Theater Review (NYC): ‘Pants on Fire’s Metamorphoses’ Conceived and Adapted by Peter Bramley, after Ovid

This sparkling retelling of some of the most famous myths from Ovid’s epic poem Metamorphoses is one of the wittiest, most artfully constructed and performed shows I’ve seen in quite some time. Imported from the UK after a run at Edinburgh’s Fringe Festival, where it received the Carol Tambor Best of Edinburgh Award, Pants on Fire’s Metamorphoses is a play with music (smart, tuneful, impeccably harmonized if sometimes eerie Andrews-sisters style) that manages to be both episodic and thematically coherent. in that way it reminded me of a complex piece of classical music written in a series of linked movements.

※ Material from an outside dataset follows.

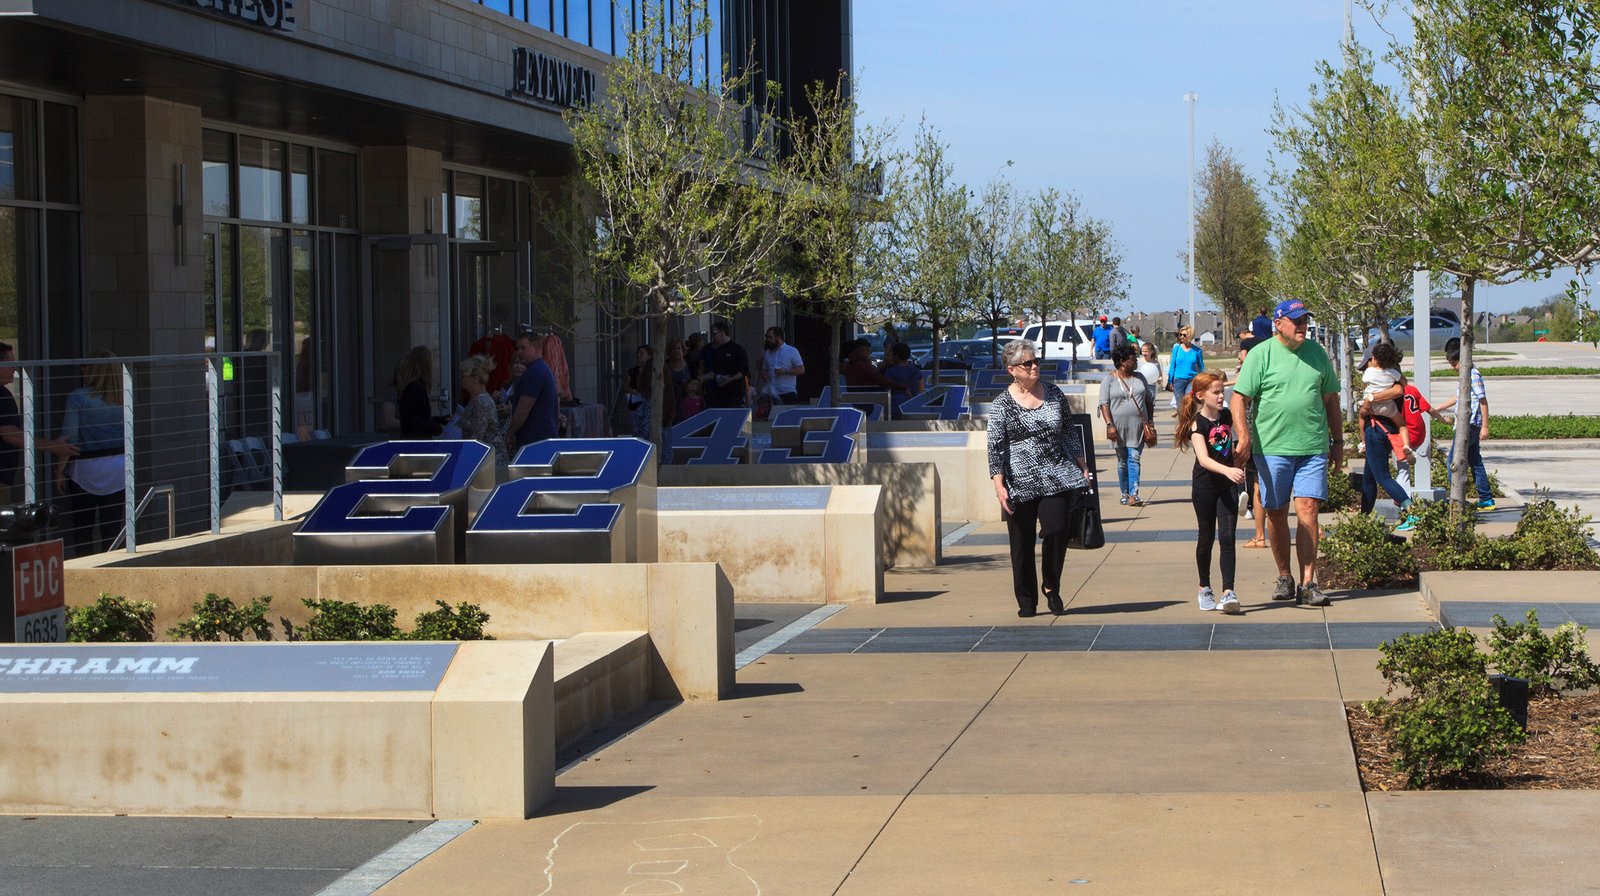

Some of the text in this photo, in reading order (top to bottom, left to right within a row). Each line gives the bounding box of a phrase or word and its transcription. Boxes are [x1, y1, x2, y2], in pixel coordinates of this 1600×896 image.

Theseus battles the Minotaur while Echo and Narcissus meet their fated ends; Apollo pursues Daphne, and the naiad Salmacis chases the comely future sex god Hermaphroditus; Juno sets hundred-eyed Argus to keep watch on Jupiter’s beloved Io, transformed into a cow, but Jupiter is always getting somebody pregnant anyway, and so on. Using puppets, film, and plain flats which the superb actors move about in delightfully clever fashion, making themselves appear and disappear as if by magic, the show tells these stories with precision, lighthearted wit, and, especially in a few of the musical numbers (most written by Lucy Egger), strong feeling.

And did I mention that adapter/director Peter Bramley and the Pants on Fire troupe have set the whole thing in wartime Britain? Bombs, gas masks, staticky radio broadcasts, a Gestapo interrogator…through 20th century imagery these frightening elements neatly evoke the ancients’ sense that they were always at the mercy of the heavens. And they help convey the great theme: that all existence is change. “Time is not the traveler’s fourth dimension—change is,” wrote William Least Heat-Moon, but for Ovid, in that sense, all of life is travel, on earth and in the heavens: “nothing in all of the cosmos can perish,” says a narrator, “but takes on a different shape.” The Gorgon’s blood transforms seaweed into coral; Arachne is turned into a spider; people become constellations, trees, flowers; bodies fuse into one.

What slides the message home is that the stories by which Ovid proves his contention about change are nearly all set in motion by love, lust, and their attendant jealousy, and these are the greatest drivers of theatrical action we have. “What will you do for love?” goes the refrain throughout the script.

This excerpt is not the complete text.